__WHAT YOU ARE ASKED TO DO__. Write out the entries again. Match each one exactly.

__DATA PROVIDED__.
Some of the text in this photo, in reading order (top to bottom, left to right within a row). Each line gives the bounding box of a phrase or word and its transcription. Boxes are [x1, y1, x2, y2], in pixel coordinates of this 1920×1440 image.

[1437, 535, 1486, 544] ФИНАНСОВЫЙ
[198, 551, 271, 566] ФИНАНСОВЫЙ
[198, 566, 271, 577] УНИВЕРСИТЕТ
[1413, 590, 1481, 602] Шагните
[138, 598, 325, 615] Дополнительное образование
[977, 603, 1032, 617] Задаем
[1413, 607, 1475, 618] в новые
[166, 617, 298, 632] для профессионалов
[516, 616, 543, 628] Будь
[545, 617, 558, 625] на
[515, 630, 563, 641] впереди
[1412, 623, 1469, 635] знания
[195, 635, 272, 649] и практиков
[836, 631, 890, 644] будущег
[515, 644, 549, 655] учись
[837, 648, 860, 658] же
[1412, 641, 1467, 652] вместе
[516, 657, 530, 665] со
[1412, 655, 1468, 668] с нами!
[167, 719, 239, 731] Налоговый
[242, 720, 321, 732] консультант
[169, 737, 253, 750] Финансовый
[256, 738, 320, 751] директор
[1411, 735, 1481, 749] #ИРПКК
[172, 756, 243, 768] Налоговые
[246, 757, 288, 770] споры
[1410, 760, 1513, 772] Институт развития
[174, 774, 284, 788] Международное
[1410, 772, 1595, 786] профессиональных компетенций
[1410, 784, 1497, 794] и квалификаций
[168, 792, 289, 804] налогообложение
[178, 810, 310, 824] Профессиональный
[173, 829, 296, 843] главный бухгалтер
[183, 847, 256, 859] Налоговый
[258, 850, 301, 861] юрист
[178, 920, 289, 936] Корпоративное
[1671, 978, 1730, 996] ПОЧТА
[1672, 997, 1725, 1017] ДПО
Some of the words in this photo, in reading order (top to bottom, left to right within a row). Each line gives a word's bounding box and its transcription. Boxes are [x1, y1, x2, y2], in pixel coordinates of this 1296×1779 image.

__RESPONSE BOX__.
Some of the text in this photo, in reading order (top to bottom, left to right within a row). Each line gives the bounding box of a phrase or word and its transcription. Boxes are [x1, y1, x2, y2], in pixel coordinates of this 1920×1440 image.

[1437, 535, 1486, 544] ФИНАНСОВЫЙ
[198, 551, 271, 566] ФИНАНСОВЫЙ
[198, 566, 271, 577] УНИВЕРСИТЕТ
[1413, 590, 1481, 602] Шагните
[138, 598, 325, 615] Дополнительное образование
[977, 603, 1032, 617] Задаем
[1413, 607, 1475, 618] в новые
[166, 617, 298, 632] для профессионалов
[516, 616, 543, 628] Будь
[545, 617, 558, 625] на
[515, 630, 563, 641] впереди
[1412, 623, 1469, 635] знания
[195, 635, 272, 649] и практиков
[836, 631, 890, 644] будущег
[515, 644, 549, 655] учись
[837, 648, 860, 658] же
[1412, 641, 1467, 652] вместе
[516, 657, 530, 665] со
[1412, 655, 1468, 668] с нами!
[167, 719, 239, 731] Налоговый
[242, 720, 321, 732] консультант
[169, 737, 253, 750] Финансовый
[256, 738, 320, 751] директор
[1411, 735, 1481, 749] #ИРПКК
[172, 756, 243, 768] Налоговые
[246, 757, 288, 770] споры
[1410, 760, 1513, 772] Институт развития
[174, 774, 284, 788] Международное
[1410, 772, 1595, 786] профессиональных компетенций
[1410, 784, 1497, 794] и квалификаций
[168, 792, 289, 804] налогообложение
[178, 810, 310, 824] Профессиональный
[173, 829, 296, 843] главный бухгалтер
[183, 847, 256, 859] Налоговый
[258, 850, 301, 861] юрист
[178, 920, 289, 936] Корпоративное
[1671, 978, 1730, 996] ПОЧТА
[1672, 997, 1725, 1017] ДПО
Some of the words in this photo, in reading order (top to bottom, left to right within a row). Each line gives a word's bounding box and its transcription. Boxes are [x1, y1, x2, y2], in pixel coordinates of this 1296×1779 image.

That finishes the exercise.